Exercise aim: Nothing in the records should differ when they are repeated. Restate them word for word.

*** Opening of Data extract ***

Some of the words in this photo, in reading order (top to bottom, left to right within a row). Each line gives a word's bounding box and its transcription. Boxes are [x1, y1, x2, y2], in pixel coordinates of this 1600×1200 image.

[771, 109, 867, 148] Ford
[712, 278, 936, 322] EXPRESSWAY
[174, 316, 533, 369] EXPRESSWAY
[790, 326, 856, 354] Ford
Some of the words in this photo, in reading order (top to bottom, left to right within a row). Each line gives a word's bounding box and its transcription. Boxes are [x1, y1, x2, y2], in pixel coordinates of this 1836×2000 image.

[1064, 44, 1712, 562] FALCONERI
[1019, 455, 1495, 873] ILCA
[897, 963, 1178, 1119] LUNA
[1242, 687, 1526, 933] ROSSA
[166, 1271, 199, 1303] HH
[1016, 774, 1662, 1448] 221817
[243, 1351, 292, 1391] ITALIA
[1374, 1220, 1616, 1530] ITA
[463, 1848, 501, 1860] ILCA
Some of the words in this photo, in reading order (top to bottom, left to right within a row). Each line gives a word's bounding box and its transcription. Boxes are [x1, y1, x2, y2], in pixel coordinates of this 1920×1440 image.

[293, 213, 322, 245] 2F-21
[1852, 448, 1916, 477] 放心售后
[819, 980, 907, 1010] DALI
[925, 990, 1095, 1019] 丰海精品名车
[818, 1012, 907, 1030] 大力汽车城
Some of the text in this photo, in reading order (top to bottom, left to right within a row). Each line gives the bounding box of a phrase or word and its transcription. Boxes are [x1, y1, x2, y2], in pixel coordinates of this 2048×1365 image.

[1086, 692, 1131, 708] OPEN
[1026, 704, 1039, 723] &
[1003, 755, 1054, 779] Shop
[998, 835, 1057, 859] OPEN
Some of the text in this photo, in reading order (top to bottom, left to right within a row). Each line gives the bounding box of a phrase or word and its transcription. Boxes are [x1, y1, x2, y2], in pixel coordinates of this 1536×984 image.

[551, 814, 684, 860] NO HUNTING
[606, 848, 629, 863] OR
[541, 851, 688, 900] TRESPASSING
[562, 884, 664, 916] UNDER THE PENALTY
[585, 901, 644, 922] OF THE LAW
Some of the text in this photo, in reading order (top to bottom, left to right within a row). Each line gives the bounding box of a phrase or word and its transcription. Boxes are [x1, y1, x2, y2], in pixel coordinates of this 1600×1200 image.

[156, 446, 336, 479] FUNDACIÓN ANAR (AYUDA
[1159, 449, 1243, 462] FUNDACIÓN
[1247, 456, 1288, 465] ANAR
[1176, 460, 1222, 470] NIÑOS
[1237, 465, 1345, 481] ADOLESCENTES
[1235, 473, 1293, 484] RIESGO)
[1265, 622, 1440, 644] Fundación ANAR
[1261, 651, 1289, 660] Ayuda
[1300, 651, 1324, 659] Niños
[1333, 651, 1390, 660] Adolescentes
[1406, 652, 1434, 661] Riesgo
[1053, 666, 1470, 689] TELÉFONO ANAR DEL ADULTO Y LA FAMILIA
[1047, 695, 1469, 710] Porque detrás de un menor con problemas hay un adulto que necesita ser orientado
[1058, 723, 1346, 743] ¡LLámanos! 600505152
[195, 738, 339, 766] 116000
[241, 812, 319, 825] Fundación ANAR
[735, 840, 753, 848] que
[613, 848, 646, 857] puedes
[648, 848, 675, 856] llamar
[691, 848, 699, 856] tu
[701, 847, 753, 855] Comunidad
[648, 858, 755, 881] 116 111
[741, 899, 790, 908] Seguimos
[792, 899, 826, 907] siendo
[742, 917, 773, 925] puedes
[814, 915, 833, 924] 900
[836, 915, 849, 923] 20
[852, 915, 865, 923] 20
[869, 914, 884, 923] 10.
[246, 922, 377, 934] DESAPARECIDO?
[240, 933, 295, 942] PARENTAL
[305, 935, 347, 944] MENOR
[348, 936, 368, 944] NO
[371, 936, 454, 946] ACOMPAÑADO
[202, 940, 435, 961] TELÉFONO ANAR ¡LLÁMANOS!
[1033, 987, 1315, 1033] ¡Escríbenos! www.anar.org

*** Close of Data extract ***

Exercise answer:
Some of the words in this photo, in reading order (top to bottom, left to right within a row). Each line gives a word's bounding box and its transcription. Boxes are [x1, y1, x2, y2], in pixel coordinates of this 1600×1200 image.

[771, 109, 867, 148] Ford
[712, 278, 936, 322] EXPRESSWAY
[174, 316, 533, 369] EXPRESSWAY
[790, 326, 856, 354] Ford
Some of the words in this photo, in reading order (top to bottom, left to right within a row). Each line gives a word's bounding box and its transcription. Boxes are [x1, y1, x2, y2], in pixel coordinates of this 1836×2000 image.

[1064, 44, 1712, 562] FALCONERI
[1019, 455, 1495, 873] ILCA
[897, 963, 1178, 1119] LUNA
[1242, 687, 1526, 933] ROSSA
[166, 1271, 199, 1303] HH
[1016, 774, 1662, 1448] 221817
[243, 1351, 292, 1391] ITALIA
[1374, 1220, 1616, 1530] ITA
[463, 1848, 501, 1860] ILCA
Some of the words in this photo, in reading order (top to bottom, left to right within a row). Each line gives a word's bounding box and its transcription. Boxes are [x1, y1, x2, y2], in pixel coordinates of this 1920×1440 image.

[293, 213, 322, 245] 2F-21
[1852, 448, 1916, 477] 放心售后
[819, 980, 907, 1010] DALI
[925, 990, 1095, 1019] 丰海精品名车
[818, 1012, 907, 1030] 大力汽车城
Some of the text in this photo, in reading order (top to bottom, left to right within a row). Each line gives the bounding box of a phrase or word and its transcription. Boxes are [x1, y1, x2, y2], in pixel coordinates of this 2048×1365 image.

[1086, 692, 1131, 708] OPEN
[1026, 704, 1039, 723] &
[1003, 755, 1054, 779] Shop
[998, 835, 1057, 859] OPEN
Some of the text in this photo, in reading order (top to bottom, left to right within a row). Each line gives the bounding box of a phrase or word and its transcription. Boxes are [x1, y1, x2, y2], in pixel coordinates of this 1536×984 image.

[551, 814, 684, 860] NO HUNTING
[606, 848, 629, 863] OR
[541, 851, 688, 900] TRESPASSING
[562, 884, 664, 916] UNDER THE PENALTY
[585, 901, 644, 922] OF THE LAW
Some of the text in this photo, in reading order (top to bottom, left to right within a row). Each line gives the bounding box of a phrase or word and its transcription. Boxes are [x1, y1, x2, y2], in pixel coordinates of this 1600×1200 image.

[156, 446, 336, 479] FUNDACIÓN ANAR (AYUDA
[1159, 449, 1243, 462] FUNDACIÓN
[1247, 456, 1288, 465] ANAR
[1176, 460, 1222, 470] NIÑOS
[1237, 465, 1345, 481] ADOLESCENTES
[1235, 473, 1293, 484] RIESGO)
[1265, 622, 1440, 644] Fundación ANAR
[1261, 651, 1289, 660] Ayuda
[1300, 651, 1324, 659] Niños
[1333, 651, 1390, 660] Adolescentes
[1406, 652, 1434, 661] Riesgo
[1053, 666, 1470, 689] TELÉFONO ANAR DEL ADULTO Y LA FAMILIA
[1047, 695, 1469, 710] Porque detrás de un menor con problemas hay un adulto que necesita ser orientado
[1058, 723, 1346, 743] ¡LLámanos! 600505152
[195, 738, 339, 766] 116000
[241, 812, 319, 825] Fundación ANAR
[735, 840, 753, 848] que
[613, 848, 646, 857] puedes
[648, 848, 675, 856] llamar
[691, 848, 699, 856] tu
[701, 847, 753, 855] Comunidad
[648, 858, 755, 881] 116 111
[741, 899, 790, 908] Seguimos
[792, 899, 826, 907] siendo
[742, 917, 773, 925] puedes
[814, 915, 833, 924] 900
[836, 915, 849, 923] 20
[852, 915, 865, 923] 20
[869, 914, 884, 923] 10.
[246, 922, 377, 934] DESAPARECIDO?
[240, 933, 295, 942] PARENTAL
[305, 935, 347, 944] MENOR
[348, 936, 368, 944] NO
[371, 936, 454, 946] ACOMPAÑADO
[202, 940, 435, 961] TELÉFONO ANAR ¡LLÁMANOS!
[1033, 987, 1315, 1033] ¡Escríbenos! www.anar.org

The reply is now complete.